Task details — Your task is to transcribe the data exactly while omitting each picture.

◇ ◇ ◇ ◇ ◇

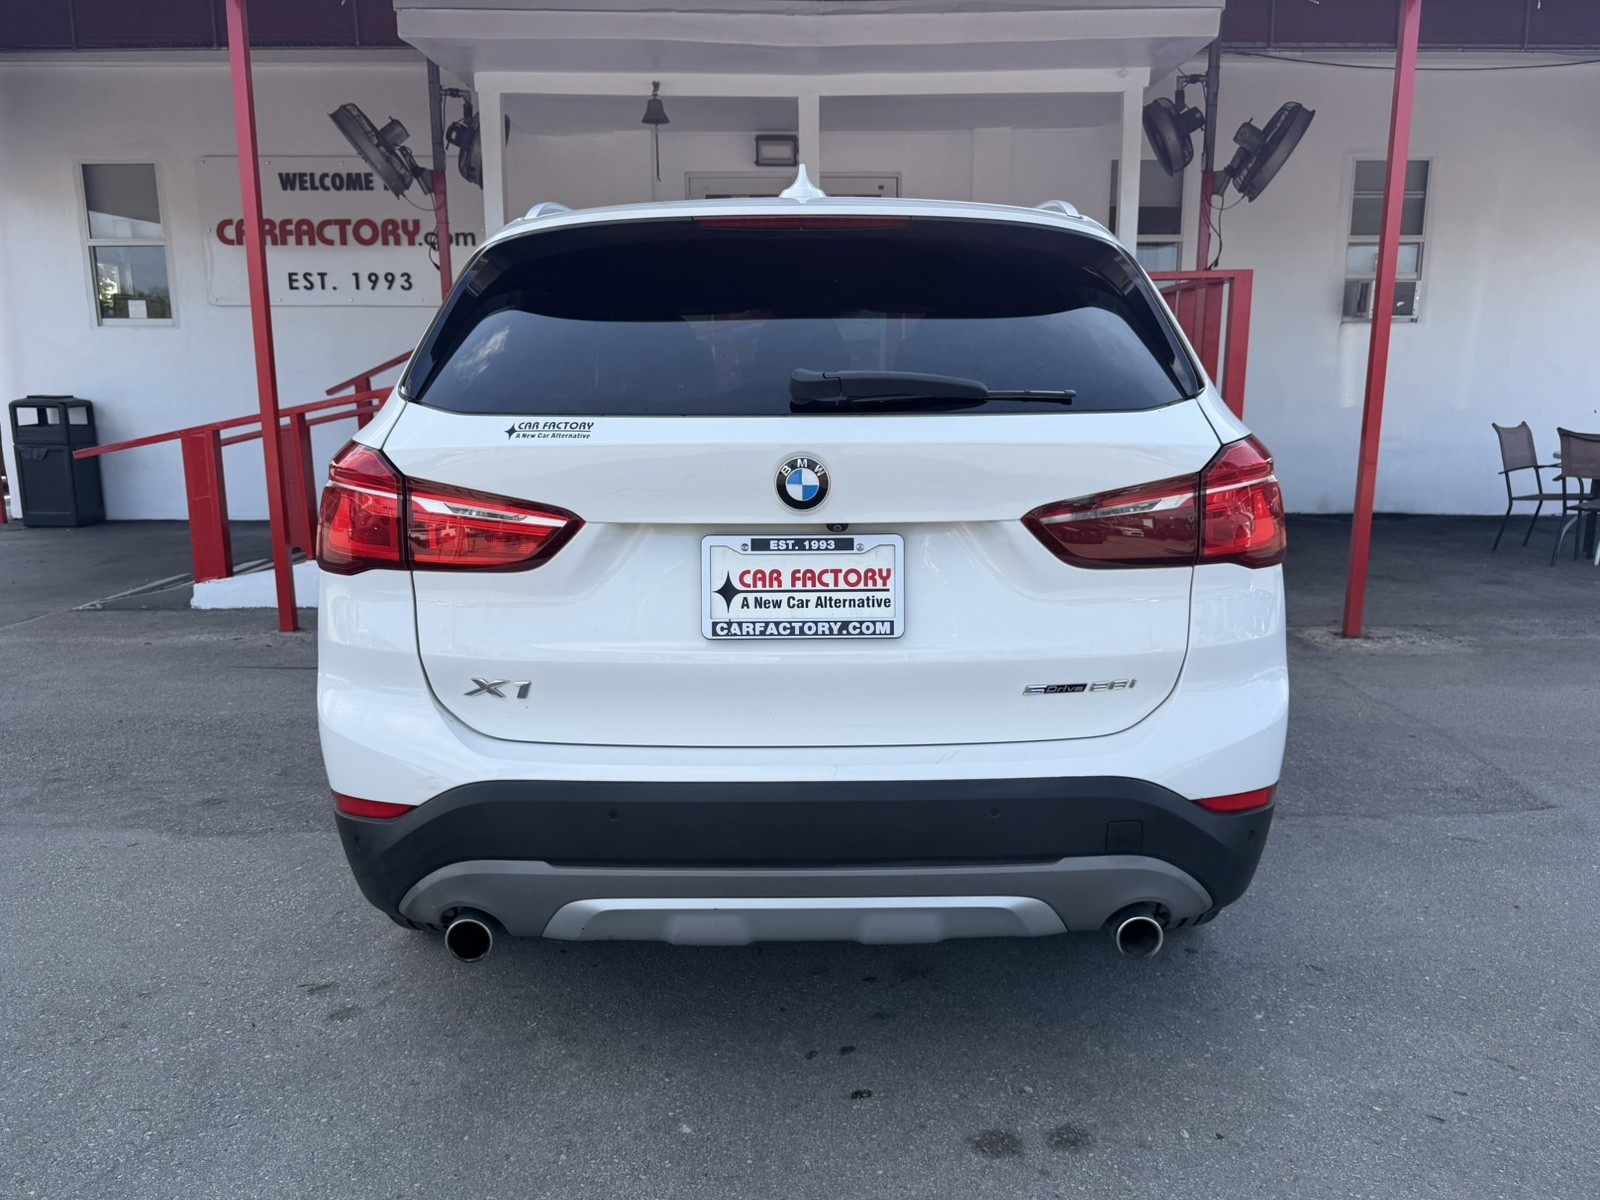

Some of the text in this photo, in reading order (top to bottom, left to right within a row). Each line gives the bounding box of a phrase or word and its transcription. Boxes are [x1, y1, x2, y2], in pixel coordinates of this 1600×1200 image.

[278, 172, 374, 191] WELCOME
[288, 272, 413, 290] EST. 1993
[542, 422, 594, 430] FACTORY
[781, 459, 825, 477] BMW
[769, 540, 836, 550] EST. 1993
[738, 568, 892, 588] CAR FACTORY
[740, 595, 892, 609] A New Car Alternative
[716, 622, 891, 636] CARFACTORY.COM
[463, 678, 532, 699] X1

◇ ◇ ◇ ◇ ◇

Answer section —
Some of the text in this photo, in reading order (top to bottom, left to right within a row). Each line gives the bounding box of a phrase or word and its transcription. Boxes are [x1, y1, x2, y2], in pixel coordinates of this 1600×1200 image.

[278, 172, 374, 191] WELCOME
[288, 272, 413, 290] EST. 1993
[542, 422, 594, 430] FACTORY
[781, 459, 825, 477] BMW
[769, 540, 836, 550] EST. 1993
[738, 568, 892, 588] CAR FACTORY
[740, 595, 892, 609] A New Car Alternative
[716, 622, 891, 636] CARFACTORY.COM
[463, 678, 532, 699] X1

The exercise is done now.